現代ビジネス 11/29(火) 11:01配信

伝言ゲームで2時間もかかる

 またしても、東京電力の「原子力事業者」としての資質に疑問を抱かせる“事件”が起きた。
 先週火曜日(11月22日)の早朝、福島県沖を震源とするマグニチュード7.4の地震が発生し、沿岸に高さ1m前後の津波が押し寄せつつある最中のこと。福島第二原発3号機の使用済み核燃料貯蔵プールで冷却ポンプが停止したにもかかわらず、避難の周知に必要な報道機関への連絡に東電がほぼ2時間を要したのだ。
 冷却機能の喪失が響いて、人類史上最悪の原子力事故となった福島第一原発の大事故から5年以上が過ぎた今年6月。事故当時の清水正孝社長の指示で、メルトダウン(炉心溶融)を炉心損傷と矮小化する「メルトダウン隠し」の事実を認めて、各方面に行った謝罪は何だったのか。
 相変わらず迅速な情報開示が行われず、安全に無頓着な企業文化を露呈した。
 そんな企業文化にもかかわらず、東電をめぐって2つの乱暴なプランが動いている。

 第1は、東電自身が、福島第一原発事故の後始末の資金確保のためだという“大義名分”を掲げて、柏崎刈羽原発の再稼働を押し通そうとしていることだ。世界に例のない、巨大な原子炉を7つも持つこの原発の運転に従事する「資質」を、東電が身に付けたとはとても思えない。

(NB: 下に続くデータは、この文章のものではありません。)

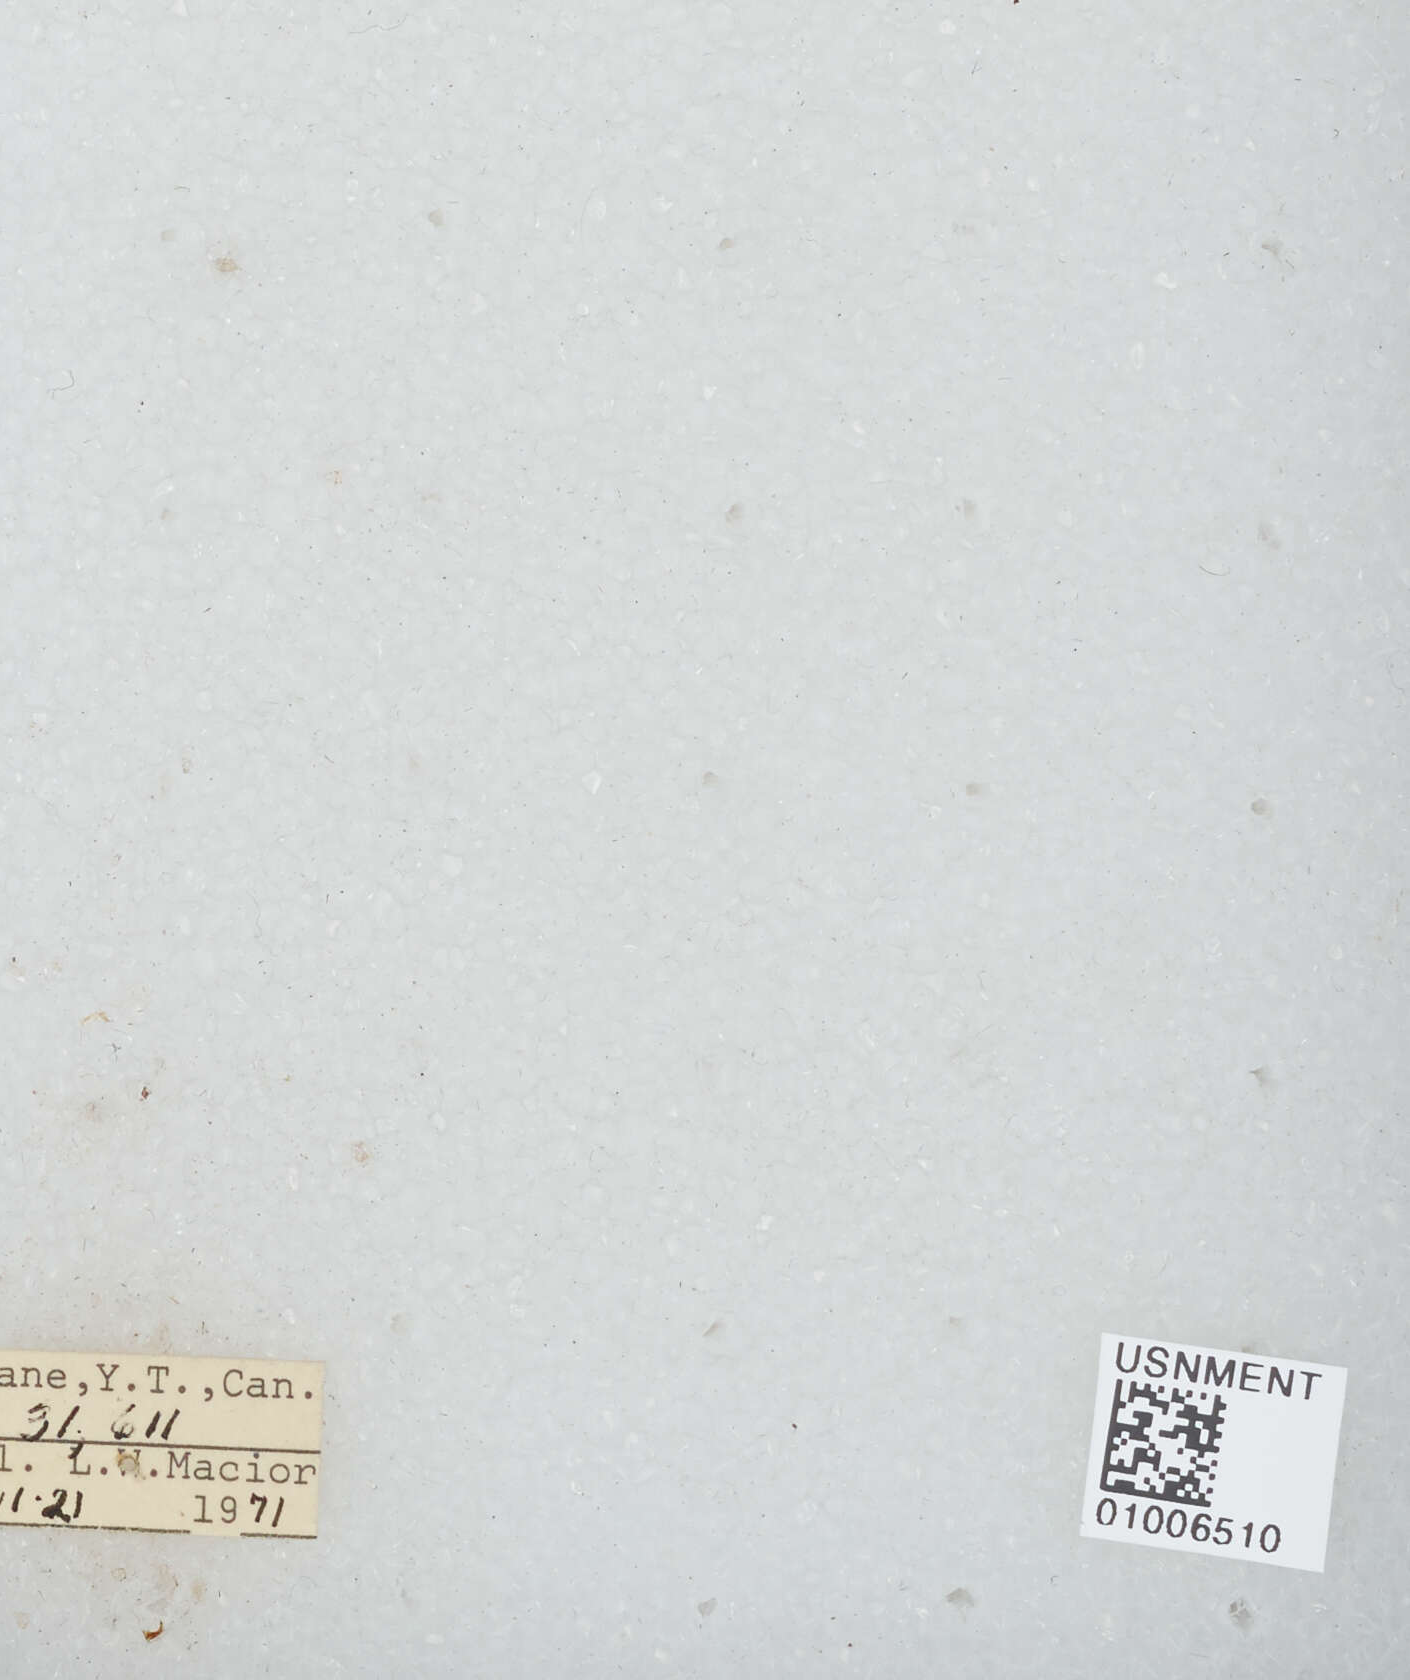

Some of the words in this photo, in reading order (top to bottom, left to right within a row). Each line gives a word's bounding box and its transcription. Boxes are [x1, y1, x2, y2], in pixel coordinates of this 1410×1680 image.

 第2は、政府・経済産業省が福島第一原発の核燃料デブリの取り出しで廃炉費用が膨らむことなどを理由に、国民負担の拡大を前提にした新たな東電支援策を作ろうとしている問題だ。総支援額を現在のほぼ2倍の20兆円前後に増やして、追加分は電気料金(託送料金)に上乗せ、幅広く国民から徴収する案が有力という。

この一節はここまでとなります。